A Message From Civil Rights Heroin
 Amelia Boynton Robinson


"Sixteen tons, and what d'you get?
Another day older, and deeper in debt.
St. Peter don't call me, 'cause I can't go,
I owe my soul to the company store."

NO MORE!

By saving this country,
 we will be able to save the world
Amelia Boynton Robinson

 


As part of the June 9, 2006 Washington webcast by the LaRouche Political Action Comittee, LaRouche asked Civil Rights heroine and Schiller Institute Vice Chairwoman Mrs. Amelia Boynton Robinson to make a few remarks. She was introduced after LaRouche's keynote address by his spokeswoman Debra Freeman.

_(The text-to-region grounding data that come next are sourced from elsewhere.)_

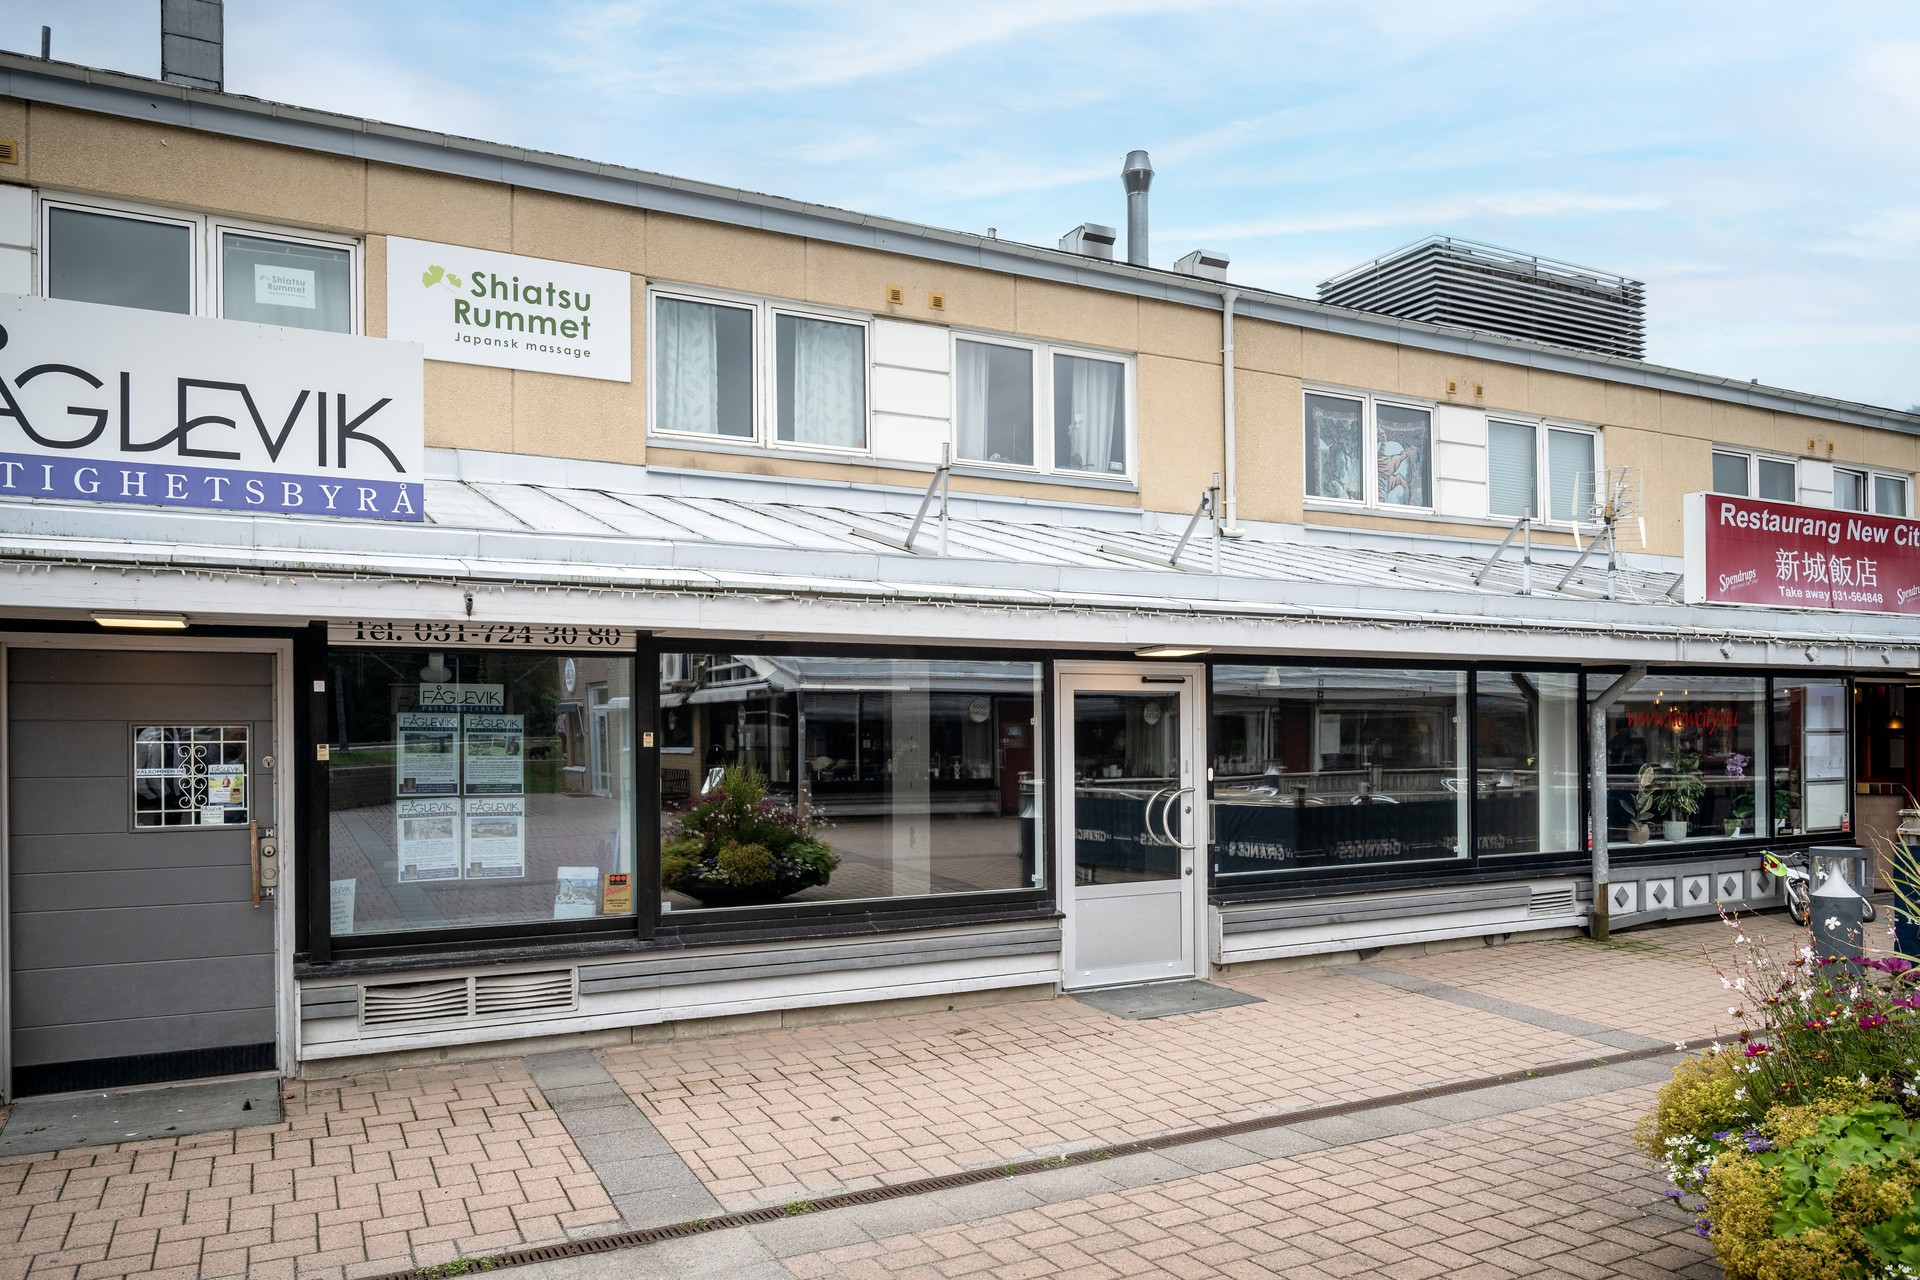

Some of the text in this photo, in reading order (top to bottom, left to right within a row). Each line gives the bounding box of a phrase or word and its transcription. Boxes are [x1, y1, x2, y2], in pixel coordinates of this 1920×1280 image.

[267, 283, 305, 294] Rummet
[271, 275, 306, 286] Shiatsu
[471, 270, 592, 312] Shiatsu
[454, 298, 592, 341] Rummet
[455, 331, 592, 359] Japansk massage
[0, 461, 416, 515] TIGHETSBYRÅ
[1720, 502, 1841, 544] Restaurang
[1846, 519, 1889, 544] New
[1775, 547, 1878, 588] 新城飯店
[1719, 569, 1757, 592] Spendrups
[1778, 586, 1884, 604] Take away 031-564848
[349, 620, 621, 646] Tel. 031-724 30 80
[422, 685, 502, 705] FÅGLEVIK
[402, 714, 455, 728] FÅGLEVIK
[470, 715, 520, 729] FÅGLEVIK
[1627, 705, 1739, 736] www.newcity.nu
[402, 800, 454, 814] FÅGLEVIK
[470, 800, 520, 813] FÅGLEVIK
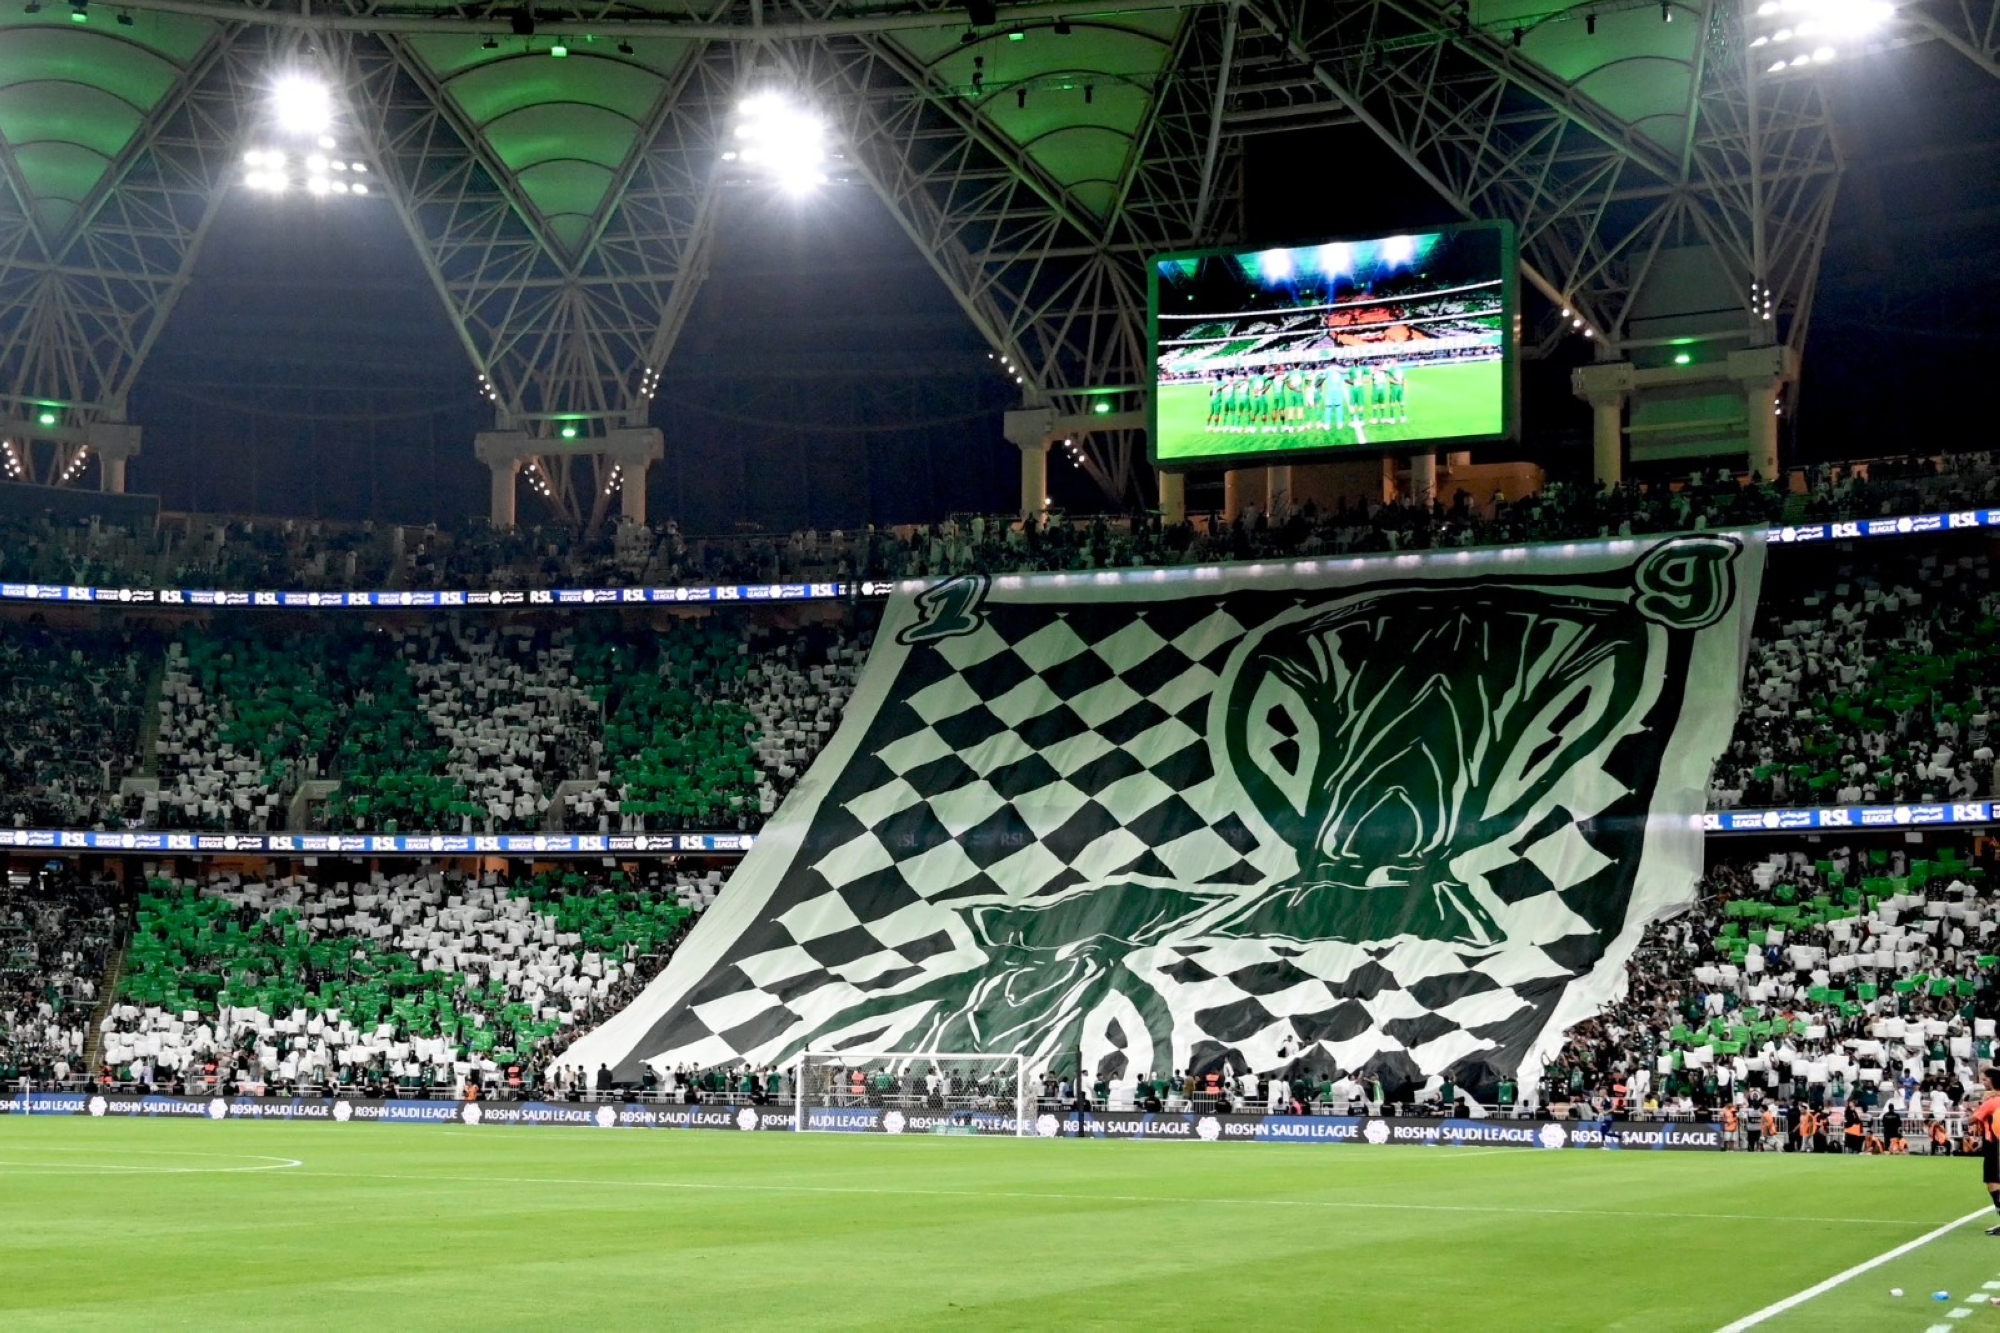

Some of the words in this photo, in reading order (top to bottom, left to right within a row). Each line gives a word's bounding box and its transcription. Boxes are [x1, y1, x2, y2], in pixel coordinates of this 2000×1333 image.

Freeman: While you're thinking of your questions, we have a special guest here today, and Lyn thought that it would be very useful for people here, to hear from her. And I really couldn't agree more. She is somebody who has played a critical role in this movement for several decades, and who played a critical role long before this movement even existed in its particular form. I'd like to call up to the podium now, somebody who really needs no introduction: the vice chairwoman of the Schiller Institute, and somebody who does stand as a national monument here in the United States, Mrs. Amelia Boynton Robinson.

Amelia Boynton Robinson: This is really a wonderful privilege to stand and look at you, and in your faces. But I know when our chief, our leader—the leader of the world!—was speaking, while I was sitting up here, I was thinking, "Gee, aren't our hearts burning within us?" And I know you have questions to ask, and I'm going to try to make this short, but in the meantime, you will be thinking about the questions you're going to ask.

I'm thinking of how often Mr. LaRouche has stood before us, and has talked about what is happening, the forecasting of what is going to happen. And I thought about a minister, who had a very big congregation, and when he gathered them, he said, "Repent ye! For the Kingdom of Heaven is at hand."

The next Sunday, he took his text on "Repent ye! For the Kingdom of Heaven is at hand." And every Sunday, he would have the same text.

And one of the deacons said to him, "Brother Jones, why is it that you don't change sometime? Why is it that you keep on preaching the same sermon? Why is it each time you add something to it, and add something to it, but the foundation is the same?"

He said, "Well, I'm going to keep on preaching that the Kingdom of Heaven is at hand, until all of the people will realize that, and straighten up and fly right."

So, this is a message that needs to be preached! All of the time! You can not look and say, "Well, that will never happen, and this will never happen." But it happens, and we have seen, by the forecasting, that we are really getting to almost the end of time, if we don't straighten up and fly right. And I think each of us here can be a messenger, to our communities, and to our cities, and to our states. And let the people know just what's going to happen.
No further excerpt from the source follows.